Como lidar com as rotinas
Hoje não tenho medo das rotinas ao contrário sou sempre grato a elas por me sorrirem com um sorriso (mais ou menos) pontual. Mas isso só aconteceu por que aprendi a passar pequenas rasteiras nas rotinas, sempre que sinto que elas estão ficando fortes demais e me dominando.
É importante mostrar às rotinas quem manda, é importante quebrar a sua linearidade, em prol da liberdade e da criatividade. Sempre que percebo que um cliente meu está sendo asfixiado pela sensação de rotina escravizante, sugiro uma quebra, um drible por baixo das pernas da rotina.
Um gerente de uma fábrica estava desmotivado e achando que havia empacado, que estava ficando impotente para tomar as rédeas de sua vida nas mãos. Ele me confessou que só de pensar que o ônibus da empresa buzinaria em poucos minutos para chamá-lo ele tinha náuseas. Como eu sabia que ele amava futebol, e era um torcedor fanático, perguntei-lhe. “Quantas vezes você já foi a um treino do seu time. Ele me olhou espantado e disse: “Nunca, imagine se eu posso sair daqui durante a semana, pegar a estrada, para ir ver o timão treinar.”
Claro que pode, respondi. Se você pegar uma gripe forte, a fábrica não vai parar, as engrenagens do mundo vão continuar a girar. “Mas, eu não posso…” Não só pode como deve, afinal você é um homem ou um rato? Ele foi. E voltou com um sorriso colado no rosto. Voltou mais forte, trabalhou melhor, fez amor como nunca com a sua rotineira mulher. O que aconteceu afinal? Primeiro ele se deu conta de que a rotina não prende ninguém, as grades dessa cela são imaginárias (nem por isso menos poderosas), e que bastaria um ato de vontade para rompê-las.
Era essa vontade que estava fraca e lhe dava a sensação de impotência diante de mecanismos invencíveis. Segundo que ele pôde, depois dessa pequena travessura, voltar e encontrar tudo da mesma forma que deixou, e isso graças a rotina que lhe permitiu construir estruturas fortes o bastante para agüentar quebras ocasionais.
Há muitos anos eu era sócio de um clube no Rio de Janeiro. Um dia apareceu por lá um porteiro novo, na verdade era velho, deveria ter um setenta e cinco anos. Fiz amizade com ele e descobri que ele tinha apenas sessenta, era poliglota, morava sozinho num quartinho dos fundos. Ele aos poucos foi me contando a sua vida de aventuras.

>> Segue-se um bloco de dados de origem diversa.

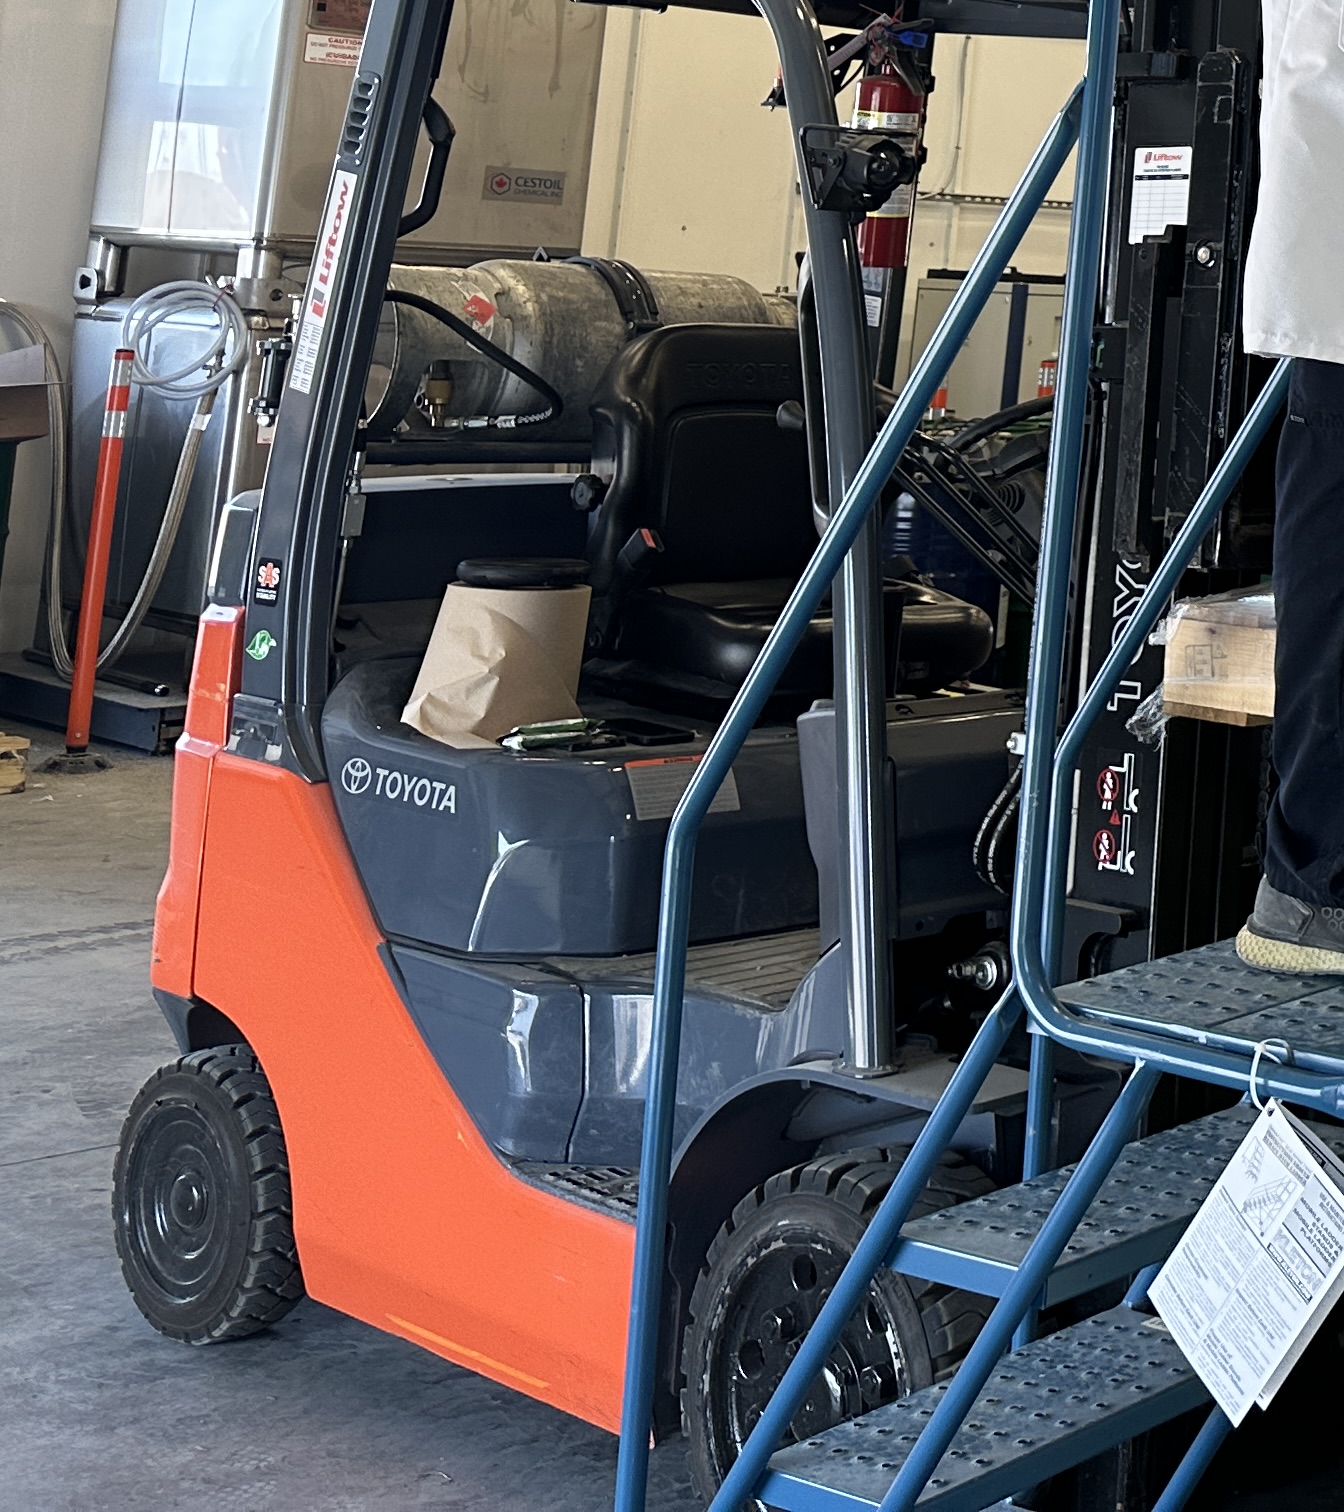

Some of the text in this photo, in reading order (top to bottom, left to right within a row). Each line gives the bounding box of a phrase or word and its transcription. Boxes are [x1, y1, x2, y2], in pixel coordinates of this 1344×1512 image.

[514, 188, 550, 197] CHEMICAL
[515, 176, 563, 190] CESTOIL
[318, 180, 349, 286] Liftow
[375, 767, 456, 814] TOYOTA
[1300, 1197, 1344, 1251] MOBILE LADDER
[1299, 1227, 1333, 1268] PLATFORMS
[1313, 1234, 1337, 1262] LADDER

Chegou até a servir na Legião Estrangeira, lutou na Guerra Civil Espanhola, teve romances com atrizes famosas.
Ele me dizia: “Ah mon ami J’ai fait le monde!” (algo como: Ah meu amigo eu fiz o mundo).
Nunca se casou, não dava tempo, era uma aventura atrás da outra, nunca desenvolveu um talento específico, começou uma vida errante quando era jovem e nunca soube o momento de parar, e construir uma casa de alvenaria. Fez que nem o primeiro dos três porquinhos que estava muito apressado e só construiu uma casa de palha que o lobo soprou para longe. O lobo soprou a frágil estrutura dele, que depois de lutar na Legião Estrangeira era porteiro de um clube, estava envelhecido precocemente, sozinho, doente, e condenado a olhar as carteirinhas para ver se os sócios tinham pagado a mensalidade, enquanto se alimentava das suas recordações.
Um dos maiores segredos da felicidade é conseguir manter rotinas saudáveis, saber pular do bonde andando, saber voltar para ele, e chegar ao ponto final.
Assim cada vez que você tiver de ir dar uma volta com o seu cachorro, ou acordar cedo para ir ao trabalho, ou a escola, agradeça a Deus. Mas não esqueça de se dar ao luxo, de uma vez ou outra ir lutar na legião estrangeira… e voltar.